Trademarks exploit 9/11

By Tim Carman

Capitalism didn't have much time for tears on Sept. 11, 2001. A man from the state of Israel, on the very day of the attacks in New York City and Washington, filed an application with the U.S. Patent and Trademark Office.
He wanted to trademark “September 11, 2001.”
He may have been the first to try to capitalize on the numbing events of that day — his application has been given an “initial refusal” — but he wasn't the last. Nearly one year after the airliners slammed into the World Trade Center and the Pentagon, thousands of people have tried to make a statement or a buck, or both, on what is now simply called 9/11. Including yours truly.

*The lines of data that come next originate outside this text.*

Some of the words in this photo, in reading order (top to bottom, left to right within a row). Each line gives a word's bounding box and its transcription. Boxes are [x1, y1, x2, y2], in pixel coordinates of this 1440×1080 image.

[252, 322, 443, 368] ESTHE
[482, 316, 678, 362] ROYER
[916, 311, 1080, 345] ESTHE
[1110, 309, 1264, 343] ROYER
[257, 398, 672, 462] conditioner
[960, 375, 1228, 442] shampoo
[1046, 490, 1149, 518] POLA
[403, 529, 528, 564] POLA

No one really needs to provide us with a laundry list of 9/11-inspired products. Odds are good most of us already own one: a book, a bumper sticker, a pin, a T-shirt, a mouse pad, a gimme cap, a CD or one of those ubiquitous American flags likely manufactured in China. Odds are even better that you've bought or read a special-edition newspaper or a commemorative magazine or watched one of the countless television programs devoted to the events. Maybe you even beefed up security at your home or office.

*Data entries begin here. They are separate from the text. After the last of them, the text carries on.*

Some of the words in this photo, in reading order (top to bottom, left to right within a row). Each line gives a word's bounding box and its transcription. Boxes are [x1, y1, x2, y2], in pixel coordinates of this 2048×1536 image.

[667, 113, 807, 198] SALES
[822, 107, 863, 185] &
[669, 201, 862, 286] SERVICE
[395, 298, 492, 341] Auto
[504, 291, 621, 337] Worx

The ubiquity of these products and services underlines a strange truth about American capitalism: It tends to rush headlong into any commercial endeavor. But the sheer scale and deep emotional scars of 9/11 have left our country's thinkers, executives, investors, musicians, writers, historians, photographer, publishers, marketers and scam artists on some uniquely unstable moral ground. And any time a large number of people venture into such uncharted areas, some are going to get hurt, or criticized, no matter what their intentions.

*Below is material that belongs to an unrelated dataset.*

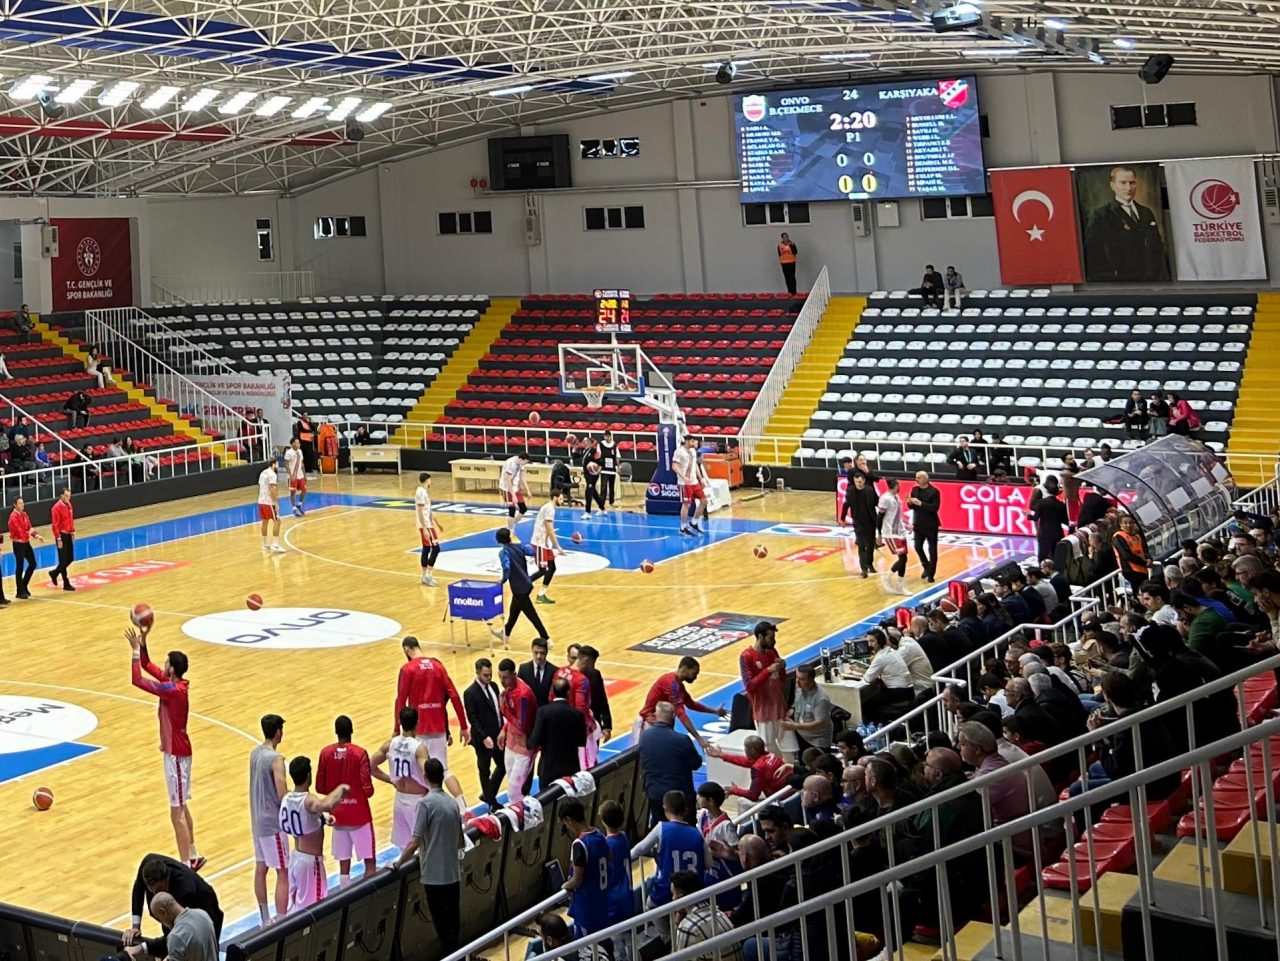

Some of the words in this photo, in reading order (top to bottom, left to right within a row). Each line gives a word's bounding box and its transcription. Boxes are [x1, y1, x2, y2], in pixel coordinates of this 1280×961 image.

Ask Bruce Springsteen, who was chastised by a fellow New Jerseyite, Bergen Record columnist Mike Kelly, for emphasizing self-promotion over charitable contributions in hyping his new album, The Rising, a haunting series of memories seemingly pulled from 9/11 survivors.
Or ask Cantor Fitzgerald, the bond brokerage firm that was left with only a third of its employees after World Trade Center 1 collapsed. A Slate online columnist has raised the question of whether Cantor's new ad campaign, in which surviving employees somberly address the public, flaunts “the pain and loss of the firm as a form of emotional blackmail and suggesting that doing business with Cantor Fitzgerald is a way of helping those who suffered a great loss on Sept. 11.”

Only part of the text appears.